Packaging Python code, i.e. creating installable Python packages, is not a “nice to have” gotcha, but an essential prerequisite for reproducible research. Besides that, creating Python packages is fairly easy and makes handling code and its dependencies much more comfortable.

Simply copying the files containing the code may perhaps work for simple scripts, but even in these cases there are good reasons to not use this way of “distributing” our software. The established way of distributing Python code is in form of packages, and how (and why) to create a package from our code is the topic of this section.

Tip

If you do not want to spend much time reading but are interested in a tool that helps you both with creating the initial layout of a Python package as well as keeping with its structure, have a look at the pymetacode package: documentation, source via GitHub, PyPI.

To mention it briefly already here: packaging is a way of distributing interpreted Python code. This is different from creating stand-alone executables, as is usually done with compiled languages. However, it is possible to create stand-alone executables from Python code, either bundling them with a Python interpreter or even via converting code into a compiled language followed by compiling to a “true” executable. For details, see the section Creating stand-alone executables below. Furthermore, distributing code needs to be distinguished from publishing. While you can distribute code entirely locally, publishing usually refers to making your software known to people outside your direct local environment. Particularly in science, publishing software and realising software as perfectly valid result on its own is still somewhat in its infancies and not getting the appropriate attention and reward. Nevertheless, publishing software (in a properly citable way) is an important aspect of the software development life cycle. For details, see the chapter on Publishing.

4.7.1. The case for Python packages

There is a number of reasons for creating Python packages:

  • sharing code, letting other people use your code

  • no messing around with the Python path

  • reproducibility

Each will be detailed a bit below.

4.7.1.1. Sharing code

Software is written to be used. Let’s face it: even a tiny piece of software, if useful and known to exist, will get used – probably by others and in entirely different context than originally anticipated. As soon as you get known to be a person programming, colleagues will start asking you for code you may have written that may help them in similar situations. Similarly with yourself: The more code you have written, the more often you will ask yourself: Didn’t I write a piece of software some time ago that I may (re)use here now?

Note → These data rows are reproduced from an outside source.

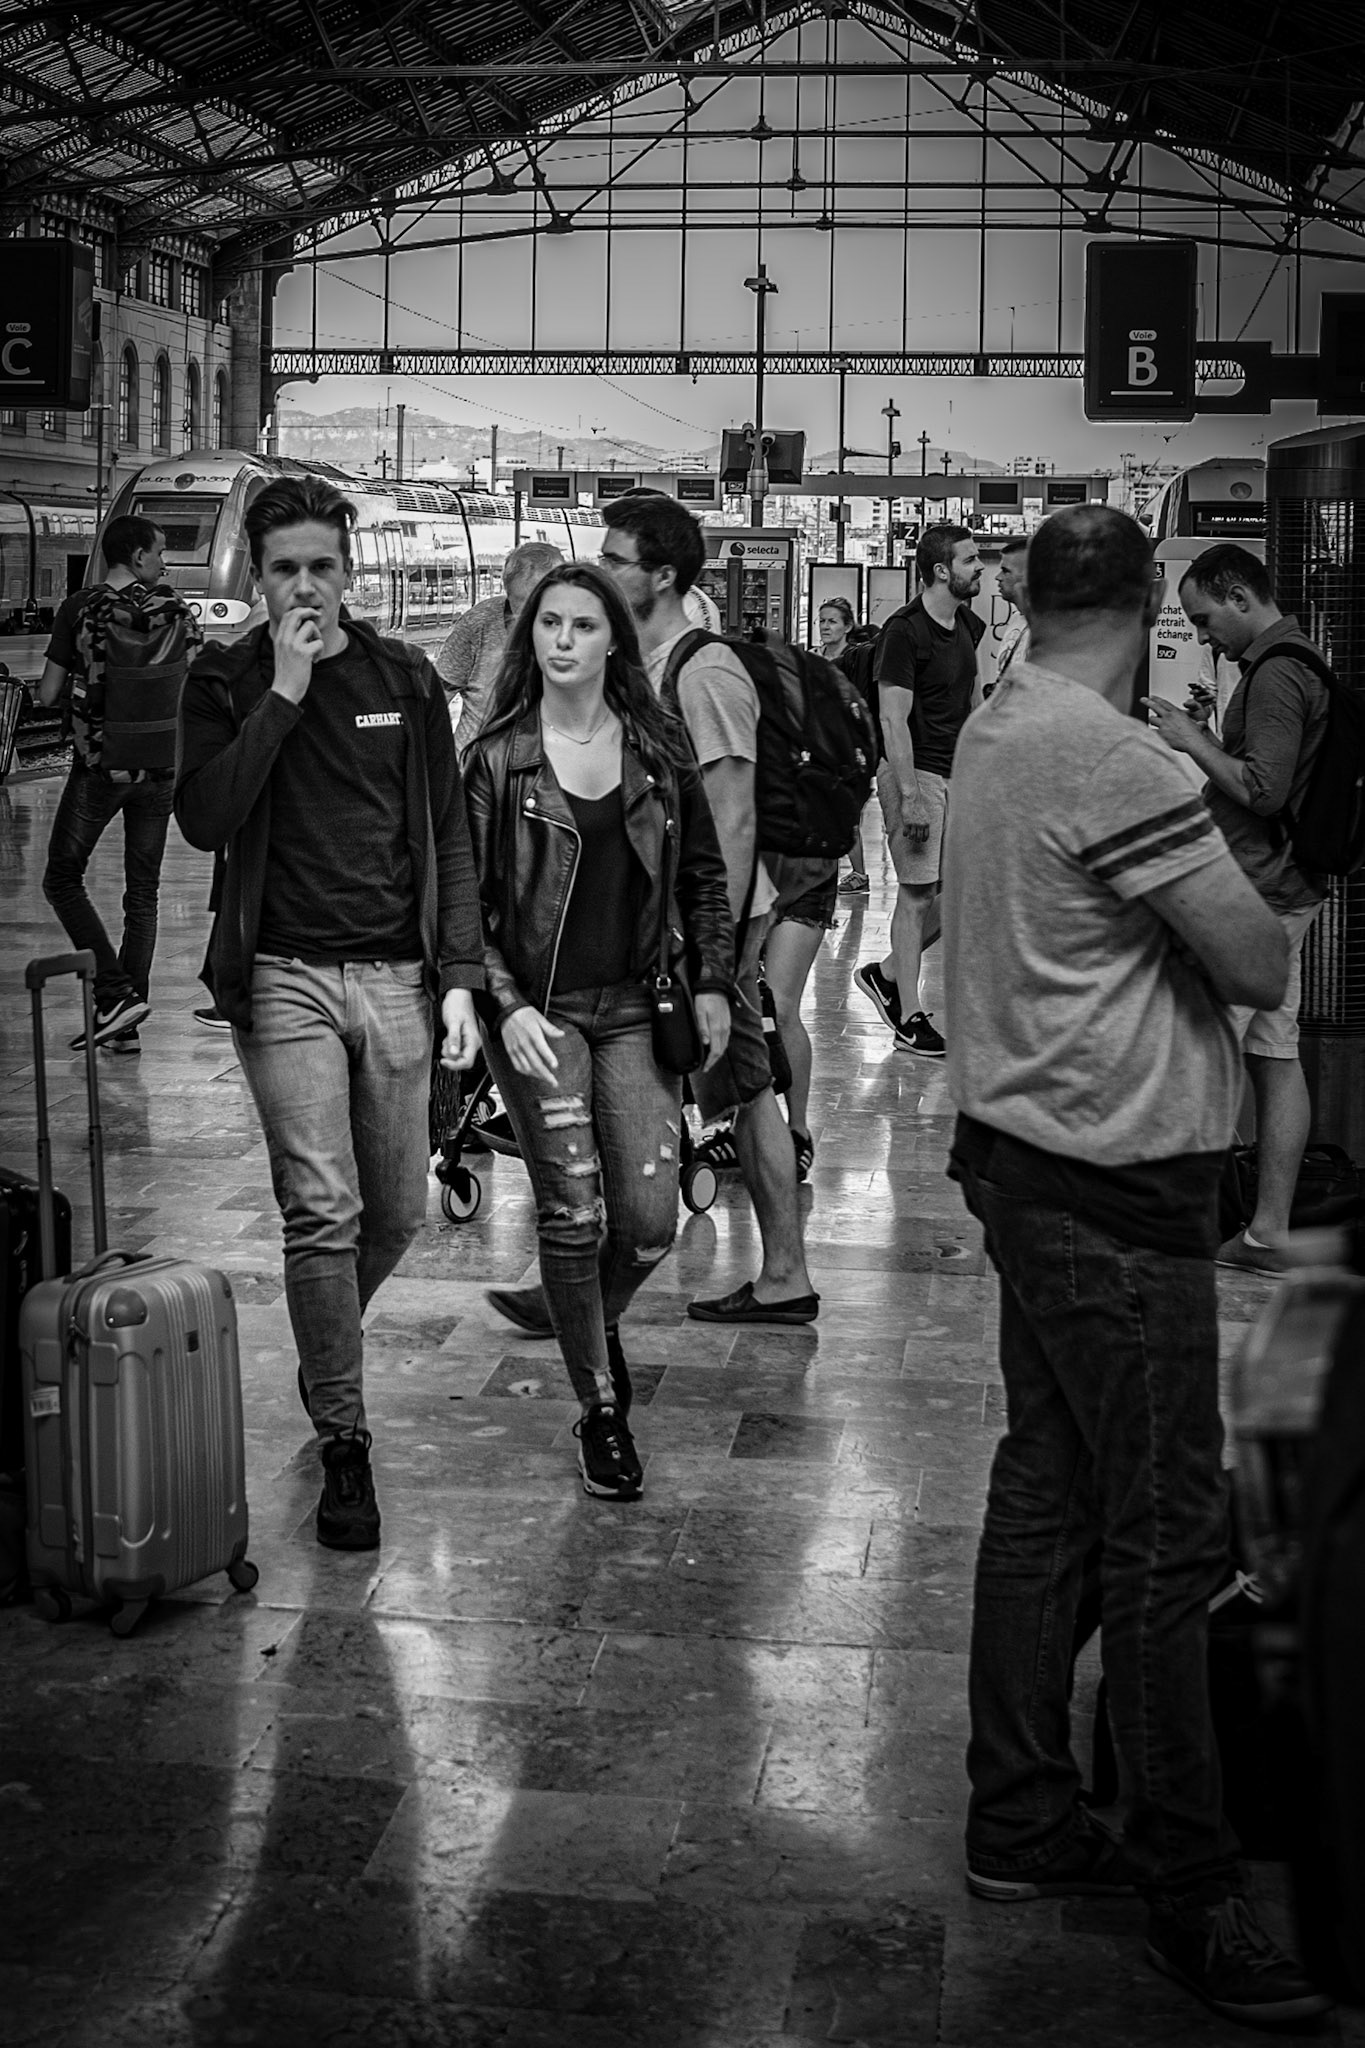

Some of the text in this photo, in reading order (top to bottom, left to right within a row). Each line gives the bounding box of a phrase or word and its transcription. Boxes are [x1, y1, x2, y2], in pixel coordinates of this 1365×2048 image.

[1132, 331, 1153, 339] Voie
[2, 338, 32, 375] C
[1128, 346, 1157, 386] B
[904, 526, 915, 540] Z
[747, 546, 779, 555] selecta
[1157, 618, 1185, 627] retrait
[1157, 628, 1193, 642] échange
[1158, 650, 1176, 658] SNCF

The more modular and the easier to share and distribute a piece of code is, the easier will it be to (re)use it. Python, as many other programming languages such as JavaScript, PHP, or Perl (to name but a few), comes with a well-established package mechanism and accompanying infrastructure for distributing and sharing code. The Python standard library itself is organised in packages, and there are literally zillions of (free) Python packages available, most prominently via the Python Package Index (PyPI). However, you do not need to (intend to) publish your code to benefit from creating packages. Even sharing your own code between different virtual environments (you do use virtual environments, do you?) is way simpler using packages.

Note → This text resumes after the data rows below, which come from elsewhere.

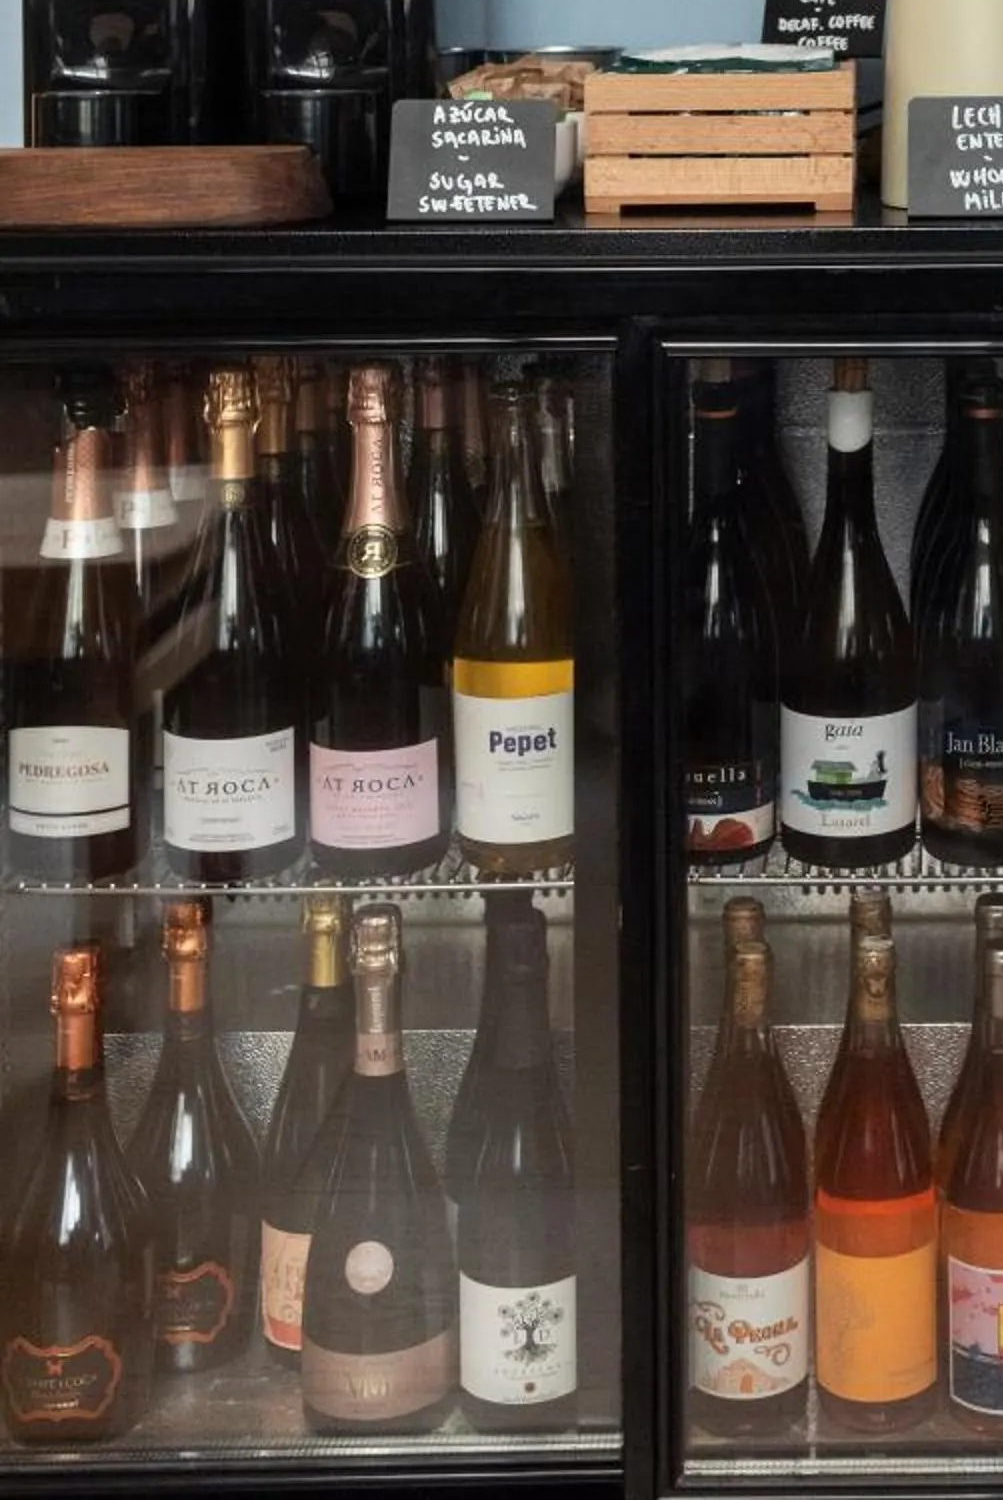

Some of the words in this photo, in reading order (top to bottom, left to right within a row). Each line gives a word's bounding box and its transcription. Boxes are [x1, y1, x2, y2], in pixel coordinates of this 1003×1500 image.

[827, 14, 876, 30] COFFEE
[433, 101, 515, 125] AZÚCAR
[428, 171, 505, 195] SUGAR
[489, 727, 557, 757] Pepet
[945, 731, 974, 754] Jan

4.7.1.2. No messing around with the Python path

A way to make your code known to your local Python interpreter is to extend the Python path manually to include the respective directories. This typically comes with lots of problems and is entirely unnecessary, besides being (rightfully) considered un-pythonic. Manually changing the Python path is usually not portable, tricky to achieve in virtual environments and error-prone. After all, packages, package managers, and the respective infrastructure have been developed to cope with exactly these problems.

4.7.1.3. Reproducibility

An argument in favour of packaging that is admittedly focused on the scientific context is reproducibility. Only with packages (and version numbers) can you track which code you’ve used for your data processing and analysis. Furthermore, when using packages, there are several possible ways to mostly automate the tracking of the actual software packages and their versions being used for a particular task. Just be aware that using packages is a necessary, though not sufficient, prerequisite of reproducible data analysis.

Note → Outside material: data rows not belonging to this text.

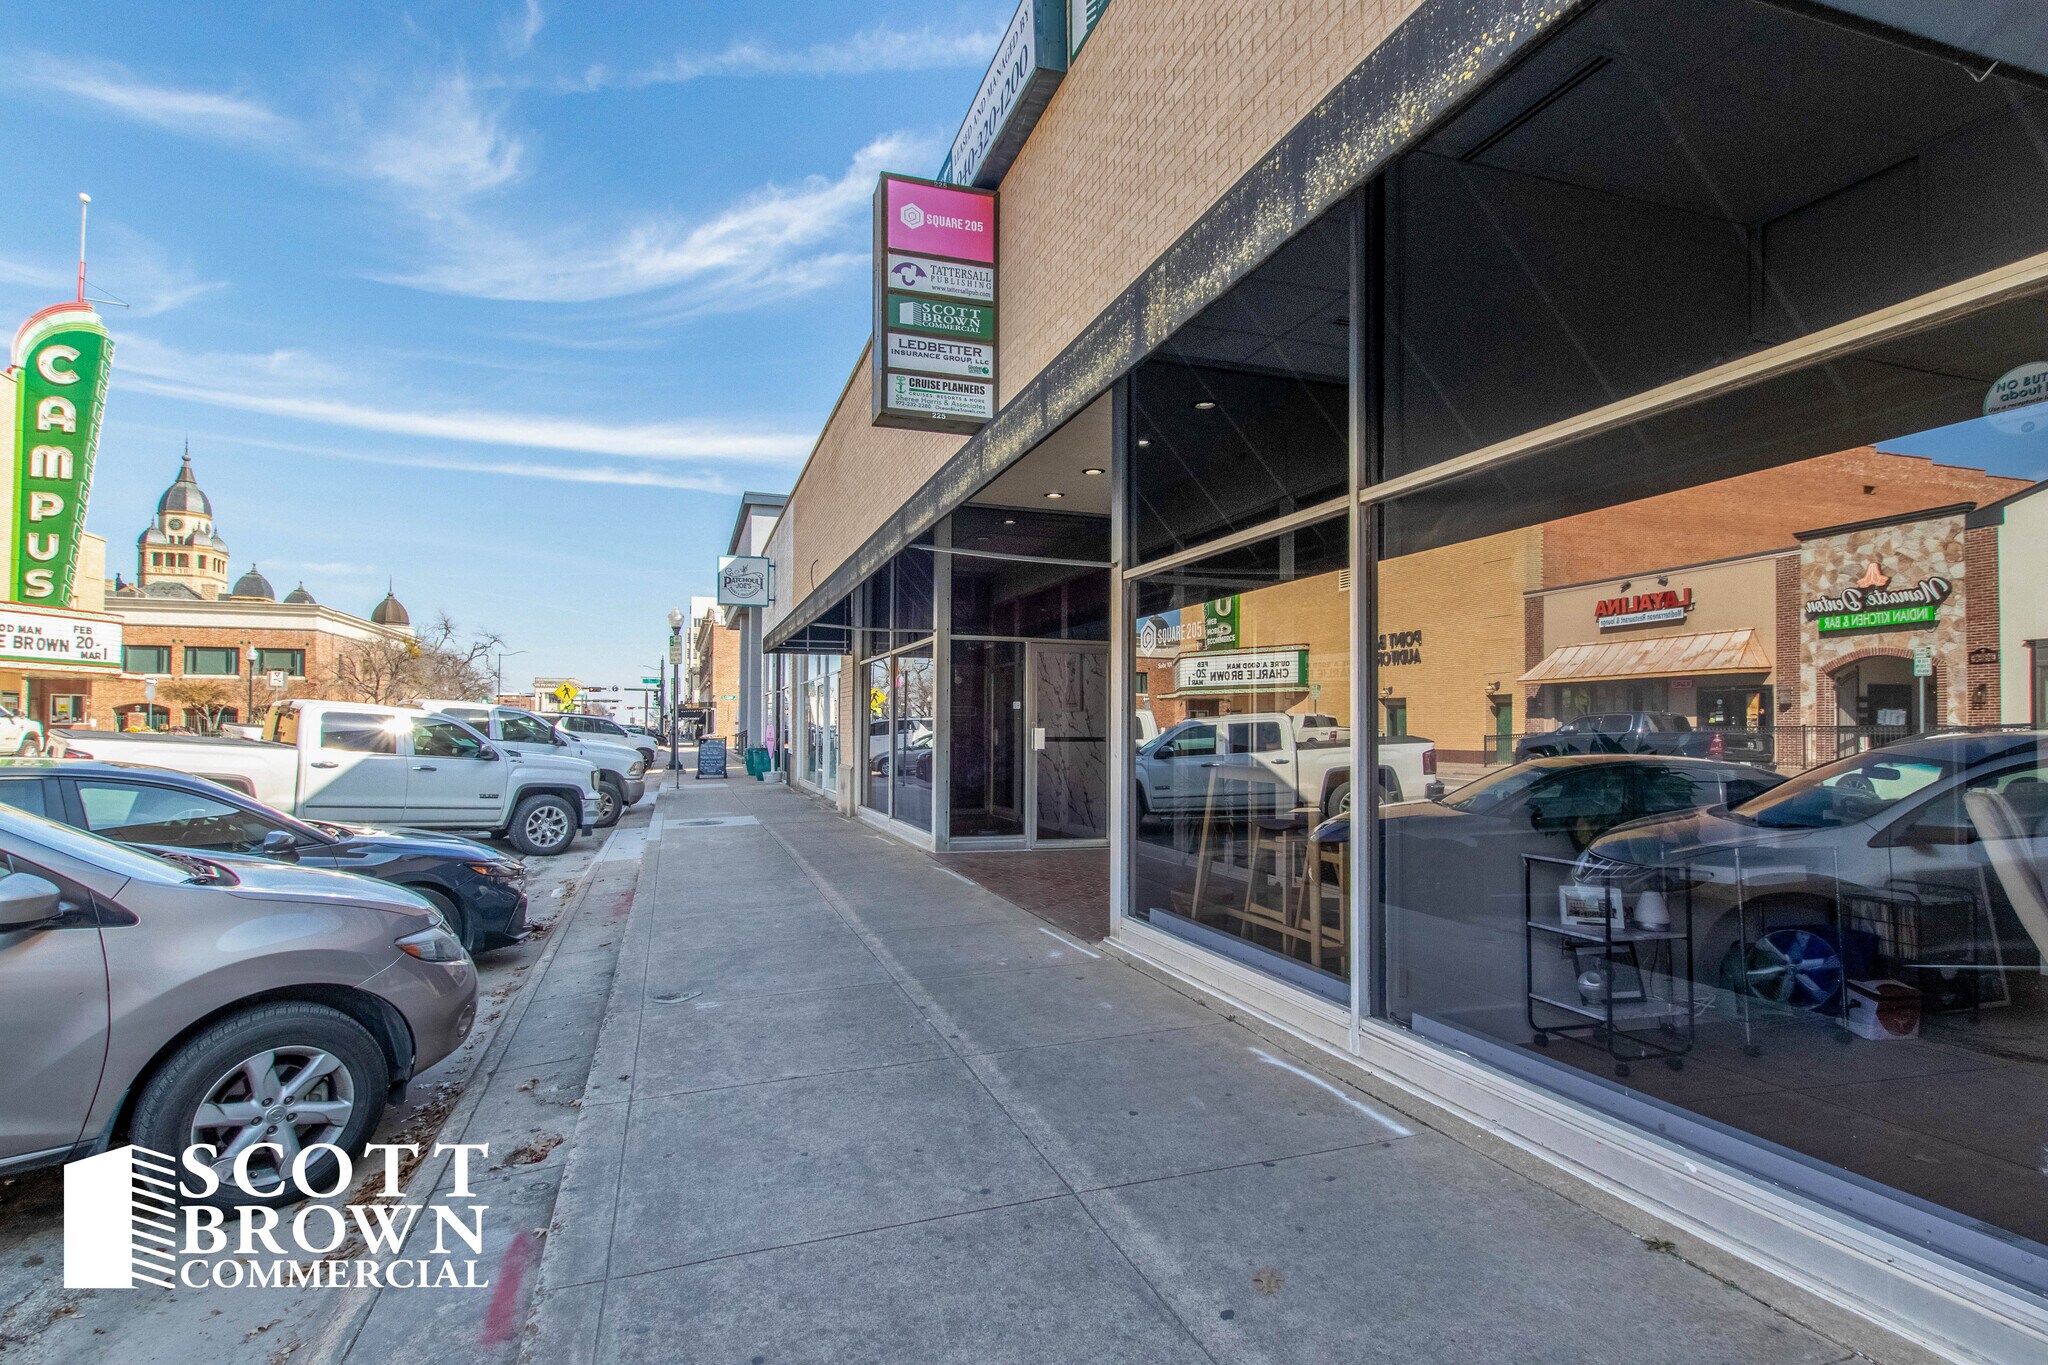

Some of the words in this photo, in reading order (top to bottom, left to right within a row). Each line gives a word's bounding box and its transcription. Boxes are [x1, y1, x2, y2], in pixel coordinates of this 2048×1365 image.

[973, 97, 986, 125] AND
[987, 31, 1019, 97] MANAGED
[1019, 11, 1030, 34] BY
[926, 214, 963, 230] SQUARE
[964, 220, 984, 232] 205
[930, 265, 992, 282] TATTERSALL
[930, 275, 992, 290] PUBLISHING
[931, 285, 991, 298] www.tattersallpub.com
[921, 303, 981, 319] SCOTT
[922, 312, 980, 328] BROWN
[922, 321, 981, 333] COMMERCIAL
[898, 338, 982, 357] LEDBETTER
[891, 348, 940, 360] INSURANCE
[943, 354, 973, 364] GROUP,
[909, 377, 940, 391] CRUISE
[942, 381, 985, 395] PLANNERS
[1996, 380, 2019, 393] NO
[2000, 384, 2042, 401] about
[895, 394, 919, 403] Sheree
[921, 397, 942, 405] Harris
[951, 401, 986, 410] Associates
[23, 344, 82, 600] CAMPUS
[723, 575, 764, 590] PATCHOULI
[18, 625, 42, 635] MAN
[73, 625, 93, 635] FEB
[1157, 624, 1185, 644] SQUARE
[1186, 621, 1202, 641] 205
[1207, 626, 1224, 636] MOBILE
[13, 636, 70, 652] BROWN
[1207, 635, 1236, 645] ECOMMERCE
[80, 651, 101, 660] MAR

When only using pre-existing software packages and following the “one script per dataset/analysis” approach, you may argue that you do not need to package your own code. In this case, your best bet is to use Jupyter Notebooks and make it a habit to document them sufficiently for your future-self and others to figure out what has been done. However, from own experience, in most circumstances this approach does not really work, as you do not rely only on pre-existing software packages, but at least implicitly develop your own routines. While generally possible in Jupyter notebooks as well, this is just not what they are designed for.

4.7.2. Prerequisites

What are the prerequisites for creating Python packages? Technically speaking, version numbers and probably a license, hence pretty simple things. Much more important are the non-technical prerequisites: you need a strategy for releasing your software – even if it is only locally released. Let’s quickly look into each of the named criteria.

4.7.2.1. Version numbers (and VCS)

Why do we need version numbers for packaging? To know which version of a package we are using, and to be able to distinguish versions of the package. The mapping between versions of your code and version numbers should be bijective, meaning one version of your code corresponds to exactly one version number and one version number to exactly one version of your code. Hence, version numbers are much more than only a string (or number): they are the visible embodiment of a (rather complex) concept. For more details on version numbers see the chapter on Version numbers (SemVer).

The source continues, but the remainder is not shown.